__Assignment__
Output the line with "this 1500×1000 image." and every following line to the end of the material, exactly as they appear.
● ● ● ● ● ● ●
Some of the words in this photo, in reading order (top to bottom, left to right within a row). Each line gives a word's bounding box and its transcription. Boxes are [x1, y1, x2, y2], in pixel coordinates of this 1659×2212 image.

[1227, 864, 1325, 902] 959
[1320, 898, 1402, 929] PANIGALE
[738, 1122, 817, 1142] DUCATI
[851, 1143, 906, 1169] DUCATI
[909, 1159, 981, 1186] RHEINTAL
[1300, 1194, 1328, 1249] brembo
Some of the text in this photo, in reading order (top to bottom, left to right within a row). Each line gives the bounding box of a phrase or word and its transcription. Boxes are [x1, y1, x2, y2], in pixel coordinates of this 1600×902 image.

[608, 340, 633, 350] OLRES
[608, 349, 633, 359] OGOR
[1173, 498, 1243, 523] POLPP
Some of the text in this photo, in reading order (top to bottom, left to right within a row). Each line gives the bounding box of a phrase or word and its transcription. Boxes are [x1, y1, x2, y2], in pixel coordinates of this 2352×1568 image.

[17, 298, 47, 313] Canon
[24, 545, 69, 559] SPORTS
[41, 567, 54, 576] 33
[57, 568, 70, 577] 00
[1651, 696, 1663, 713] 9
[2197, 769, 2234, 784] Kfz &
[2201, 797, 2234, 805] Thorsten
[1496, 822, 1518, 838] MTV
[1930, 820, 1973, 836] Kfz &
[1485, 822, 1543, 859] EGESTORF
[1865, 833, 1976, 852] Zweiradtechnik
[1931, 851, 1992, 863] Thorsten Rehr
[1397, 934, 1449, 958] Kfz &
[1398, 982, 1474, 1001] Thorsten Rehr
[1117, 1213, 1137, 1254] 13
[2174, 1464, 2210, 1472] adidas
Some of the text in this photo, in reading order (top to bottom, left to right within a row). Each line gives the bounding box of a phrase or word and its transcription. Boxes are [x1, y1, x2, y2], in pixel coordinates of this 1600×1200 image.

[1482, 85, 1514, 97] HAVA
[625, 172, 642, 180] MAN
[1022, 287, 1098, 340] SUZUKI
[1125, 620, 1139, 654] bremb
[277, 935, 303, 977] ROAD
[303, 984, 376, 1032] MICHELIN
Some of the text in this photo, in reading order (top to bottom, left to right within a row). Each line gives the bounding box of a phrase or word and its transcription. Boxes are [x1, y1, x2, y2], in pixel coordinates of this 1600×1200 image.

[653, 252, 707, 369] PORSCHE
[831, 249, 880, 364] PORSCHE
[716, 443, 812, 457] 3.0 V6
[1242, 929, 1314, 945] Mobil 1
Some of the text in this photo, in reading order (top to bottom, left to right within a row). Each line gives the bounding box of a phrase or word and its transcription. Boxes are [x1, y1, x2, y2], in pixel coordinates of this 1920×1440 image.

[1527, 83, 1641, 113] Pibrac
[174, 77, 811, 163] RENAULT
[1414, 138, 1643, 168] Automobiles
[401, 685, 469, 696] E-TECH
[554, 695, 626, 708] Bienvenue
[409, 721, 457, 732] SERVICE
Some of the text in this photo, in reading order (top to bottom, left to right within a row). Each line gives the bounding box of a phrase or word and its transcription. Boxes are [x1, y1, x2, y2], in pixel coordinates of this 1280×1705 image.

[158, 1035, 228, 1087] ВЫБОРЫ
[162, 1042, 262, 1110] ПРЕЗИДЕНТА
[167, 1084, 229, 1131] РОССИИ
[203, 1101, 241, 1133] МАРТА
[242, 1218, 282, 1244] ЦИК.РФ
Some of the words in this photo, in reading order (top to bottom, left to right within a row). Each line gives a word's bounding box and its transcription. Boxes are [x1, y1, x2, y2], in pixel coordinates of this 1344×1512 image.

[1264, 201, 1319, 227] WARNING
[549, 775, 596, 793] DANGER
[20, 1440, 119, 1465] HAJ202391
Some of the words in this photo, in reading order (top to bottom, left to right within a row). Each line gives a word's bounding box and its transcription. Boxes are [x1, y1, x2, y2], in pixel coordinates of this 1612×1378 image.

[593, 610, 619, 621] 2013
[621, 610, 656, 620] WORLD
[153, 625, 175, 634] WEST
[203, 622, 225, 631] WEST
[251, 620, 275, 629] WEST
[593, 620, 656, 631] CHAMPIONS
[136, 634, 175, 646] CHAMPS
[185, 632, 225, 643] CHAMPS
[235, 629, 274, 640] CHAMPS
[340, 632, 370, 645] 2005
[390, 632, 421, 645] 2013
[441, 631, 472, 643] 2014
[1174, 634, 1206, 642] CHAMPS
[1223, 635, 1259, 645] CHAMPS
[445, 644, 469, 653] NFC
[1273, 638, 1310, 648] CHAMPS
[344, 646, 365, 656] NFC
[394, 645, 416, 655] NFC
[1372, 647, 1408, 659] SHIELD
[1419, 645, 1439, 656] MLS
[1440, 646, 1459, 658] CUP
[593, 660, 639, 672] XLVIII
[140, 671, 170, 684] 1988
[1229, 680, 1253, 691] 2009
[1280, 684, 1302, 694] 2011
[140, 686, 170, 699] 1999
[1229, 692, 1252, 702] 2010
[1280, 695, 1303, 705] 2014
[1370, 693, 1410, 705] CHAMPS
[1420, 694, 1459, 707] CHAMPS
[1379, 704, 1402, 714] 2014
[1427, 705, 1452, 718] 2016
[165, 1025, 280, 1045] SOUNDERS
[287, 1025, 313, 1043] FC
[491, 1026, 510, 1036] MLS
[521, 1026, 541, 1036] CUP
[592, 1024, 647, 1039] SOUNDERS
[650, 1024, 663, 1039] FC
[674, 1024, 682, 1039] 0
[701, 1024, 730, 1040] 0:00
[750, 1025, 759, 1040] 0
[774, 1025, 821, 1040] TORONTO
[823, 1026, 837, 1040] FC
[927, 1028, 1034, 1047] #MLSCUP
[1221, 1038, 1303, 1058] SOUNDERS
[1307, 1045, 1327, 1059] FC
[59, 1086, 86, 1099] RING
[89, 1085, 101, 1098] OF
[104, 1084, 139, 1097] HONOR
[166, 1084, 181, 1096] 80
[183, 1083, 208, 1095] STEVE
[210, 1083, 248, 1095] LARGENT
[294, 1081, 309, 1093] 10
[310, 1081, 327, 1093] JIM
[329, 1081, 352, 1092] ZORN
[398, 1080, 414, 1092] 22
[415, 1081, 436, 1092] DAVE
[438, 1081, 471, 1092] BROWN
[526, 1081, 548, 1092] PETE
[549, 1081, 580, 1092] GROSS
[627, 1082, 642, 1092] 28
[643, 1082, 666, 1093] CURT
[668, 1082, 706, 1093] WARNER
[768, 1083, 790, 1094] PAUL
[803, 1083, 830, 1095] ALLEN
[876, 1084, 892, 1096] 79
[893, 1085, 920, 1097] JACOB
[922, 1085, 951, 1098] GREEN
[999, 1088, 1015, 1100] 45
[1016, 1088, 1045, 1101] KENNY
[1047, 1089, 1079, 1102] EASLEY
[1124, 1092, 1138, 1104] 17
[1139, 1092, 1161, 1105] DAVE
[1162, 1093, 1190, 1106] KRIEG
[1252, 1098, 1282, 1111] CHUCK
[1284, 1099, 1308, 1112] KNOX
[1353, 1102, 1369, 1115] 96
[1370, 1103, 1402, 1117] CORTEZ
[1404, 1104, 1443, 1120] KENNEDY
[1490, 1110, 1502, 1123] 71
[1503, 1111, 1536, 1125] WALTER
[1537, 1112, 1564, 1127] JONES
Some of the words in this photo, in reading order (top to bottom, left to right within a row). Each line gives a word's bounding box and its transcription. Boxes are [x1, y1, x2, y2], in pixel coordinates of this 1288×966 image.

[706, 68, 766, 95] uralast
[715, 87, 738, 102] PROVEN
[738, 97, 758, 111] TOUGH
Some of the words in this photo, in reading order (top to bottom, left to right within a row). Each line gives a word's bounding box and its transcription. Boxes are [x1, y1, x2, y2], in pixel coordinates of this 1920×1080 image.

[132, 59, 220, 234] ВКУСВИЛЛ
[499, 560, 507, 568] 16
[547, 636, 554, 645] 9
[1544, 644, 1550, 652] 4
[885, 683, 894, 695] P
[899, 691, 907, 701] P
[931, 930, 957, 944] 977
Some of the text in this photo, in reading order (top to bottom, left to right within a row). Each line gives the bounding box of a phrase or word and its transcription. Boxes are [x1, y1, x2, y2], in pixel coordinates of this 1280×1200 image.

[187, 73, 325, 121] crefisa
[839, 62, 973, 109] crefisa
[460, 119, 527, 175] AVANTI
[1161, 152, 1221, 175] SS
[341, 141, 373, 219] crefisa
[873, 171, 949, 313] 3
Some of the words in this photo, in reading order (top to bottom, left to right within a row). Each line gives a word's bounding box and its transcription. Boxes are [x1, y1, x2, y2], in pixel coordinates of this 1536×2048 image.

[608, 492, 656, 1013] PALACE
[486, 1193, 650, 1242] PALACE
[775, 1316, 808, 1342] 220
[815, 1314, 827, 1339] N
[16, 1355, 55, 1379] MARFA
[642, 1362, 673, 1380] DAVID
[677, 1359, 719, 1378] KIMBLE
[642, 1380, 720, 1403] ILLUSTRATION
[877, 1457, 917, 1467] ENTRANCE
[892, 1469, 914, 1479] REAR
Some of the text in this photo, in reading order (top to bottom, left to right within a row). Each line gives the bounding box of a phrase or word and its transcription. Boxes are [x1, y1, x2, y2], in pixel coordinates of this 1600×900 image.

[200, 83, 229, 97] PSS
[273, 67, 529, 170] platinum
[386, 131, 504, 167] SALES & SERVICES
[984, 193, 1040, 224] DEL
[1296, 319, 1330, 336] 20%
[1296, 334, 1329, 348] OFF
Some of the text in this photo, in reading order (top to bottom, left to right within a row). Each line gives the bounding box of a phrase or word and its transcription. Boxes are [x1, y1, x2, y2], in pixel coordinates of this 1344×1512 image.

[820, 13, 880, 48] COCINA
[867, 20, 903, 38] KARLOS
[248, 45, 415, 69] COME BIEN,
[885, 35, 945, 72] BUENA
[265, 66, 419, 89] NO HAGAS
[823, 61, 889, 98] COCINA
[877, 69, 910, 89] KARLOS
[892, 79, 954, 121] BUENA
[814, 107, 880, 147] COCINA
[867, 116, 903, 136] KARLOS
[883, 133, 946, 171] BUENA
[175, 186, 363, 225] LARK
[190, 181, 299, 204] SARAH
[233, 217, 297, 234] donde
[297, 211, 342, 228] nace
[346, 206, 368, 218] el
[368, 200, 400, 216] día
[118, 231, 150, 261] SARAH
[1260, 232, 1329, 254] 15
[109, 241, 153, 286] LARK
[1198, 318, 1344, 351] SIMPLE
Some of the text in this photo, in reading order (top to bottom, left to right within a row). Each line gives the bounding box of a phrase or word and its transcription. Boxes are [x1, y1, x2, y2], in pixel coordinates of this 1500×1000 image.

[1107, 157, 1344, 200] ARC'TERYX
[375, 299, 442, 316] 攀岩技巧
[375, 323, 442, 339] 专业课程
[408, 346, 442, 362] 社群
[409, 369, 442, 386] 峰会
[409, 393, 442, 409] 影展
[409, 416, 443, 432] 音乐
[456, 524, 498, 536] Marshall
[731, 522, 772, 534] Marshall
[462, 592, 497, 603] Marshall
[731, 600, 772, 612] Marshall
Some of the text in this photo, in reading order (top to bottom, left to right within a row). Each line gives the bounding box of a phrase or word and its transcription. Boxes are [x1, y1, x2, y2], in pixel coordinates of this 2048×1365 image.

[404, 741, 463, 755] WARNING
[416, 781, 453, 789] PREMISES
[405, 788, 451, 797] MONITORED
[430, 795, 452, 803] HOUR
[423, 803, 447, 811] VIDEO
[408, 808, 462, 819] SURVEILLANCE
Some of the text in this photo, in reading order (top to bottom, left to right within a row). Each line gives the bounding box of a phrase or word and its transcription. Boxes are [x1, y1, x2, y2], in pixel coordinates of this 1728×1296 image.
● ● ● ● ● ● ●
__Expected answer__
Some of the text in this photo, in reading order (top to bottom, left to right within a row). Each line gives the bounding box of a phrase or word and its transcription. Boxes are [x1, y1, x2, y2], in pixel coordinates of this 1500×1000 image.

[1107, 157, 1344, 200] ARC'TERYX
[375, 299, 442, 316] 攀岩技巧
[375, 323, 442, 339] 专业课程
[408, 346, 442, 362] 社群
[409, 369, 442, 386] 峰会
[409, 393, 442, 409] 影展
[409, 416, 443, 432] 音乐
[456, 524, 498, 536] Marshall
[731, 522, 772, 534] Marshall
[462, 592, 497, 603] Marshall
[731, 600, 772, 612] Marshall
Some of the text in this photo, in reading order (top to bottom, left to right within a row). Each line gives the bounding box of a phrase or word and its transcription. Boxes are [x1, y1, x2, y2], in pixel coordinates of this 2048×1365 image.

[404, 741, 463, 755] WARNING
[416, 781, 453, 789] PREMISES
[405, 788, 451, 797] MONITORED
[430, 795, 452, 803] HOUR
[423, 803, 447, 811] VIDEO
[408, 808, 462, 819] SURVEILLANCE
Some of the text in this photo, in reading order (top to bottom, left to right within a row). Each line gives the bounding box of a phrase or word and its transcription. Boxes are [x1, y1, x2, y2], in pixel coordinates of this 1728×1296 image.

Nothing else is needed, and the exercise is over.